«Mir macht diese Gesetzeslücke grosse Sorgen»
Vertraulichkeit ist die absolute Grundvoraussetzung für eine Mediation, sagt Beobachter-Experte Marcel Altherr im Interview. Dass ein Staatsanwalt einen Mediator zur Zeugenaussage zwingen will, macht ihm grosse Sorgen.
Veröffentlicht am 20. August 2025 - 12:18 Uhr
Vertraulichkeit soll für ihn nicht gelten: Ein Zürcher Staatsanwalt will einen Mediator dazu zwingen, als Zeuge auszusagen. Das kann er, denn das Zeugnisverweigerungsrecht für Mediatoren ist – anders als bei Zivilprozessen – nicht explizit in der Strafprozessordnung festgelegt. Und das, obwohl die Schweigepflicht nicht nur für Ärzte und Anwältinnen, sondern auch für Ernährungsberater oder Chiropraktikerinnen gilt.
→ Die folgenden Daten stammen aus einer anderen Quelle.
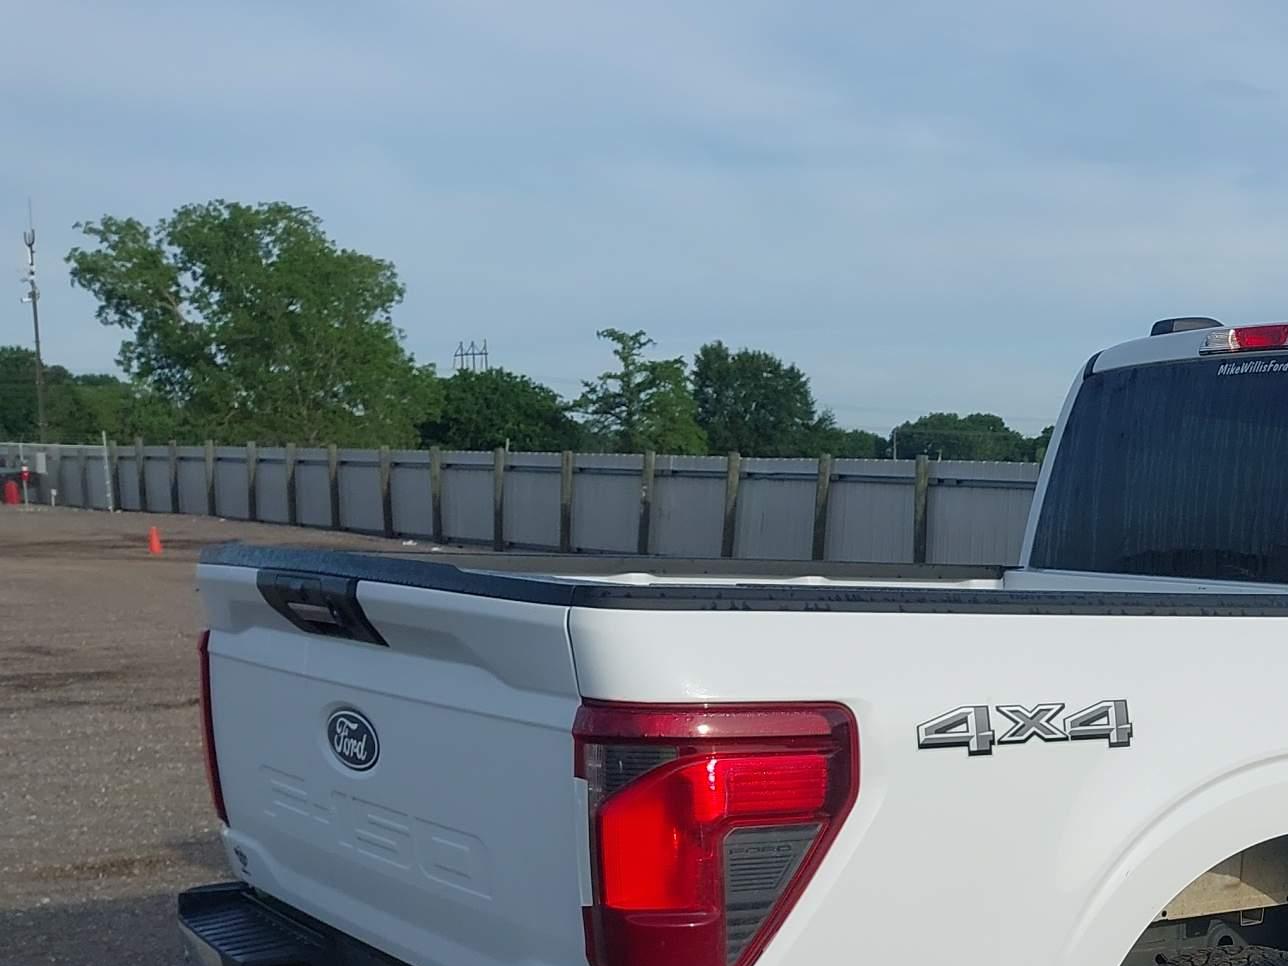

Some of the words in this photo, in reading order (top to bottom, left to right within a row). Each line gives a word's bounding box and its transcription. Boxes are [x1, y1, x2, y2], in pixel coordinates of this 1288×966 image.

Nur eben nicht für Mediatoren. Über diese Gesetzeslücke – die vielleicht so gar nicht gewollt ist – berichtete die «NZZ am Sonntag».
Im konkreten Fall geht es um eine von der Kindes- und Erwachsenenschutzbehörde Kesb angeordnete Mediation. Die Behörden ermitteln wegen Drohung. Der betroffene Mediator und Anwalt Ueli Vogel-Etienne will sich weigern, auszusagen, und nötigenfalls bis vor Bundesgericht prozessieren.
Jurist Marcel Altherr berät seit 10 Jahren Beobachter-Abonnenten und ist daneben auch als Friedensrichter und seit 15 Jahren als Mediator tätig. Im Interview sagt er, was dieser Einzelfall für andere Mediatoren bedeutet.
Marcel Altherr, was bedeutet Vertraulichkeit für deinen Job als Mediator?
Vertraulichkeit ist die absolute Grundvoraussetzung. Nur so kann man die Allparteilichkeit wahren. Die Klienten müssen einen geschützten Raum haben, um sich frei zu äussern, ohne zu denken, dass das Gesagte gegen oder für sie verwendet wird. Die Leute sollen sich keine Sorgen machen müssen. Nichts soll verboten sein, zu sagen.
Was sagst du dazu, dass der Zürcher Staatsanwalt einen Mediator zur Aussage zwingen will?
Mir macht diese Gesetzeslücke grosse Sorgen. Ich sehe das genauso wie der betroffene Mediator Ueli Vogel-Etienne. Ich glaube, es ist ein sehr schlechtes Signal für die Mediation.
Hat diese Neuigkeit bereits unmittelbar Einfluss auf deine Arbeit?
Jetzt werde ich noch deutlicher sagen, dass ich der Schweigepflicht unterstellt bin und mich nicht als Zeuge oder Sachverständiger benennen lassen würde. Denn vielleicht machen sich die Leute nach der Berichterstattung über die Gesetzeslücke Sorgen.
Wie würdest du dich verhalten, wenn dich der Staatsanwalt zur Befragung vorlädt?
Ähnlich wie der in der «NZZ am Sonntag» erwähnte Mediator. Ich würde vielleicht noch versuchen, im Gespräch mit dem Staatsanwalt aufzuzeigen, was sein Vorgehen für die Mediation und das Verfahren bedeutet. Und versuchen, seine Beweggründe zu erfahren. Aber wenn es hart auf hart kommt, würde ich auch darauf beharren, dass ich der Schweigepflicht unterstellt bin, und er müsste mir eine anfechtbare Verfügung zustellen. Und dann würde ich die Sache auch vor Gericht austragen.
Kann es trotzdem vorkommen, dass ein Mediator aktiv werden und den Behörden etwas melden muss?
Ich musste das bisher noch nie. Aber es gibt natürlich Situationen, in denen ich dazu verpflichtet bin. Zum Beispiel, wenn es ums Kindswohl geht und in einer Mediation rauskäme, dass Kinder von den Eltern misshandelt werden.